WHAT TO PRODUCE: Below is a listing to copy exactly; no image goes into the copy.

SOURCE DATA:
# # # #
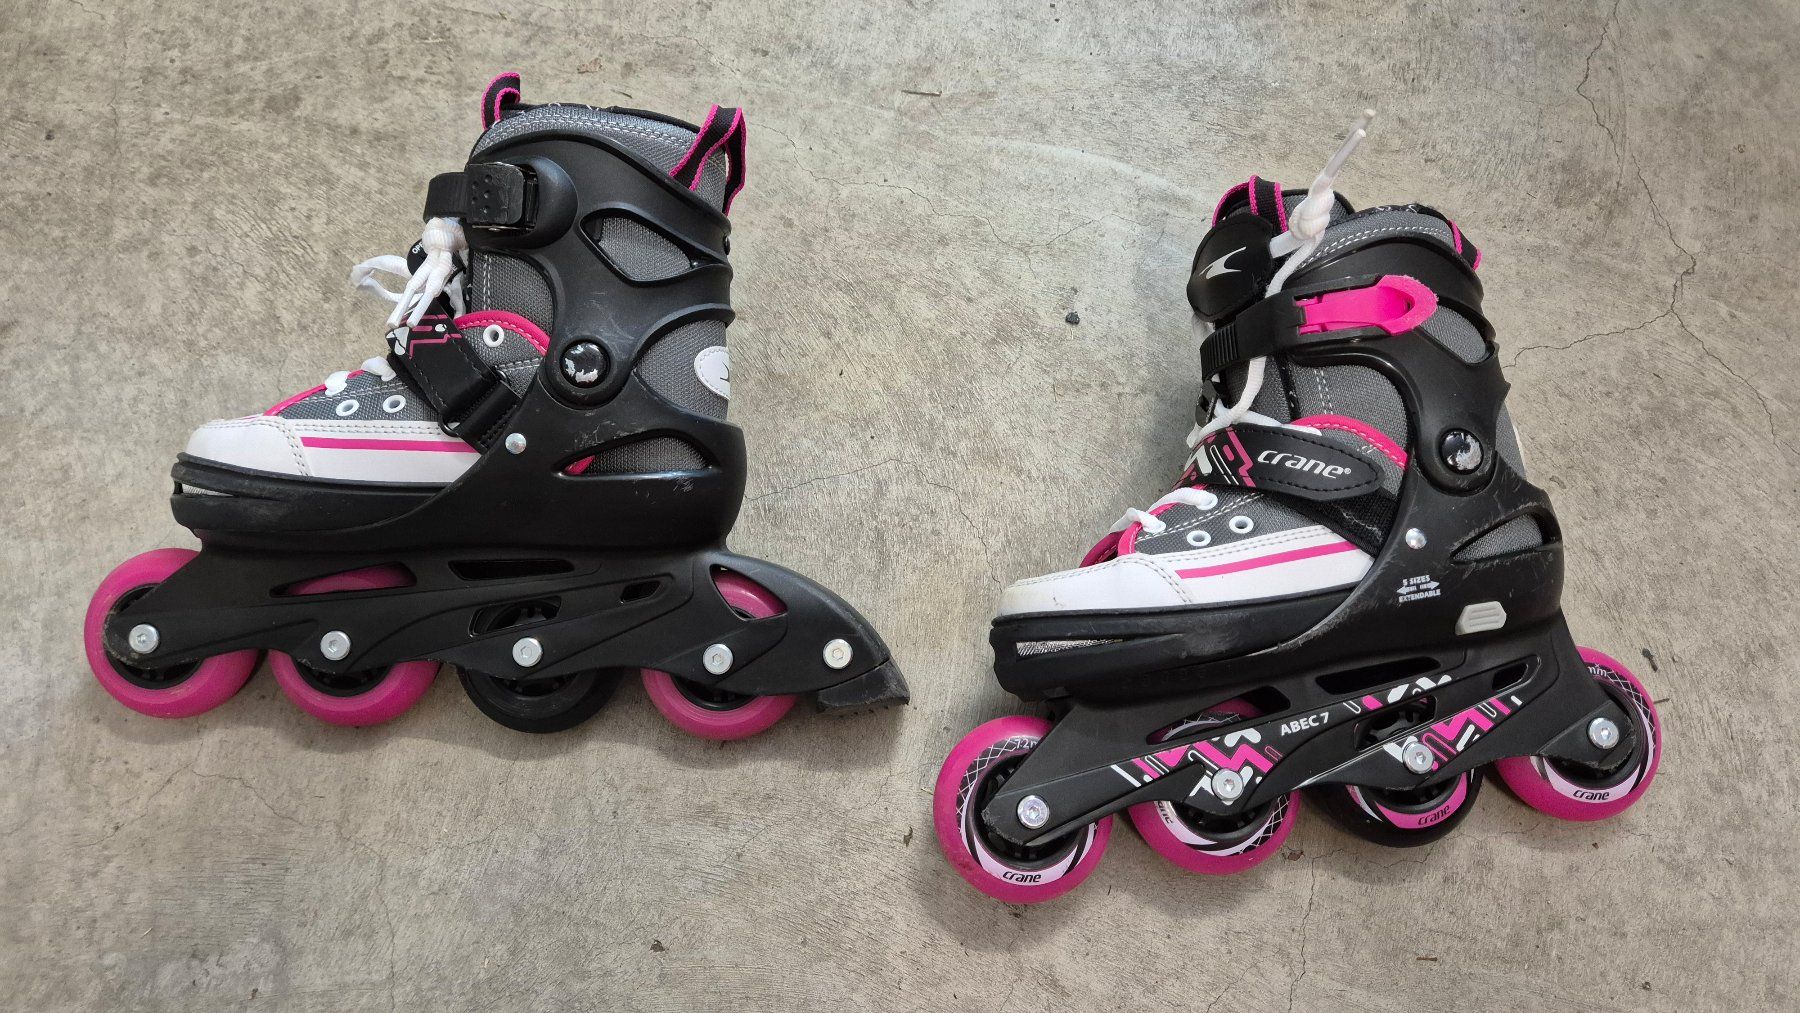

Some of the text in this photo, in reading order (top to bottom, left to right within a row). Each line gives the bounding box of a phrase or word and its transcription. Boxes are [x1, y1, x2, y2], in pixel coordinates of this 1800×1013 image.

[1409, 574, 1431, 585] SIZES
[1398, 588, 1441, 603] EXTENDABLE
[1281, 711, 1329, 737] ABEC 7
[1573, 790, 1610, 801] crane
[1418, 804, 1451, 825] crane
[1002, 871, 1042, 883] crane
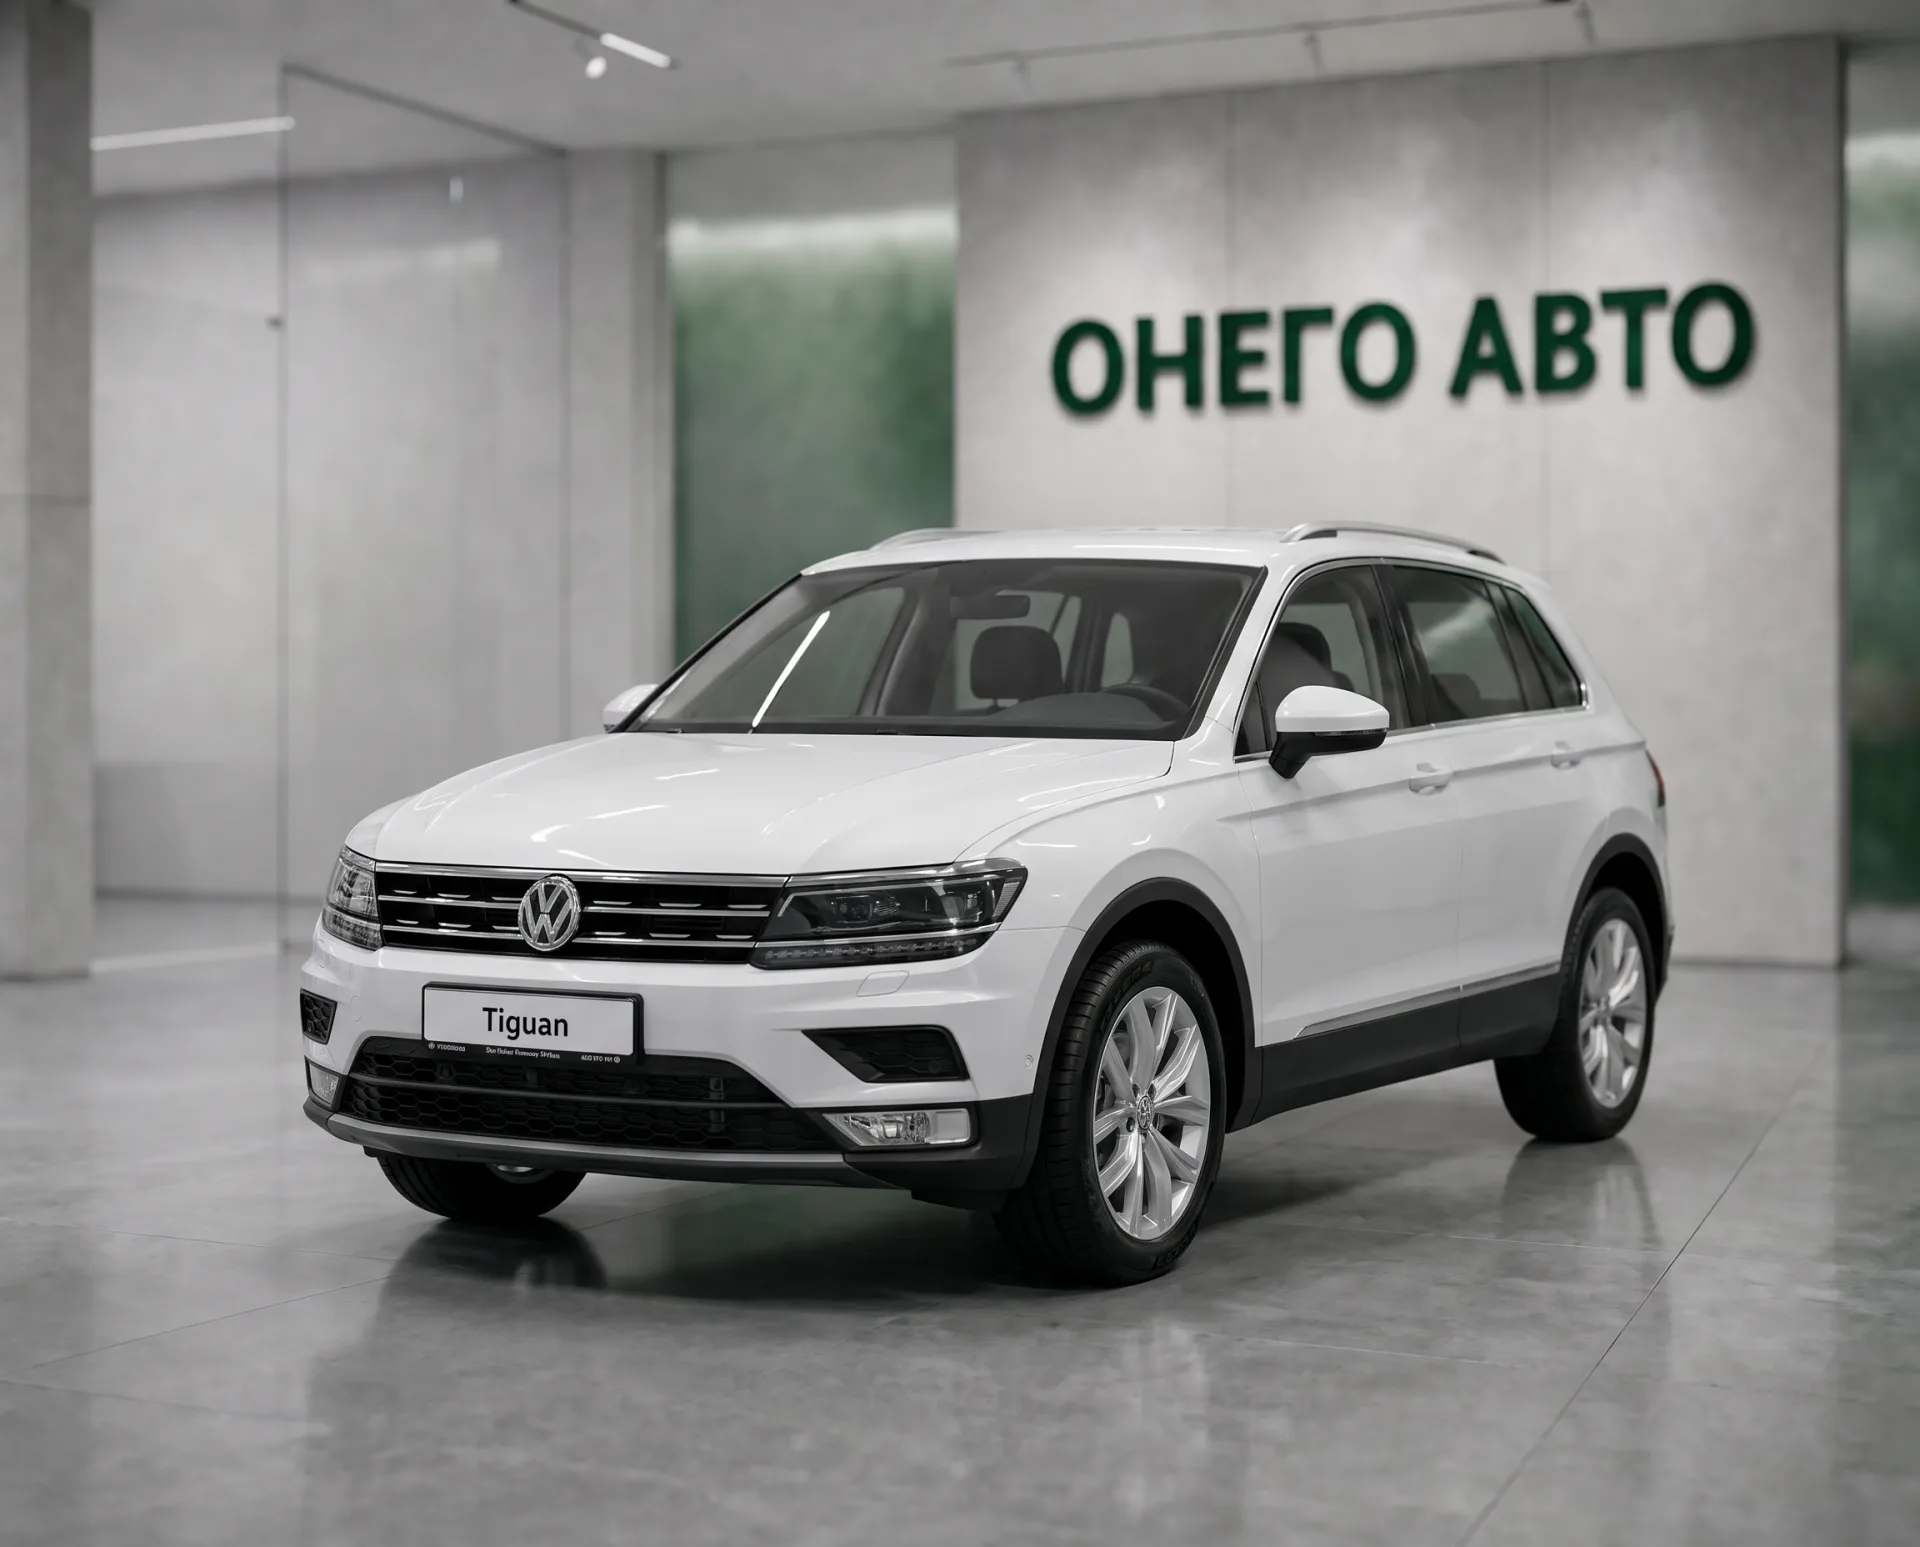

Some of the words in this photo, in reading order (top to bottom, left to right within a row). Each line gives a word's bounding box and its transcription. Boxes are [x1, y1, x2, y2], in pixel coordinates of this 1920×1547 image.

[1052, 302, 1416, 414] ОНЕГО
[1451, 283, 1753, 398] АВТО
[482, 1006, 569, 1041] Tiguan
# # # #
EXERCISE SOLUTION:
Some of the text in this photo, in reading order (top to bottom, left to right within a row). Each line gives the bounding box of a phrase or word and its transcription. Boxes are [x1, y1, x2, y2], in pixel coordinates of this 1800×1013 image.

[1409, 574, 1431, 585] SIZES
[1398, 588, 1441, 603] EXTENDABLE
[1281, 711, 1329, 737] ABEC 7
[1573, 790, 1610, 801] crane
[1418, 804, 1451, 825] crane
[1002, 871, 1042, 883] crane

Some of the words in this photo, in reading order (top to bottom, left to right within a row). Each line gives a word's bounding box and its transcription. Boxes are [x1, y1, x2, y2], in pixel coordinates of this 1920×1547 image.

[1052, 302, 1416, 414] ОНЕГО
[1451, 283, 1753, 398] АВТО
[482, 1006, 569, 1041] Tiguan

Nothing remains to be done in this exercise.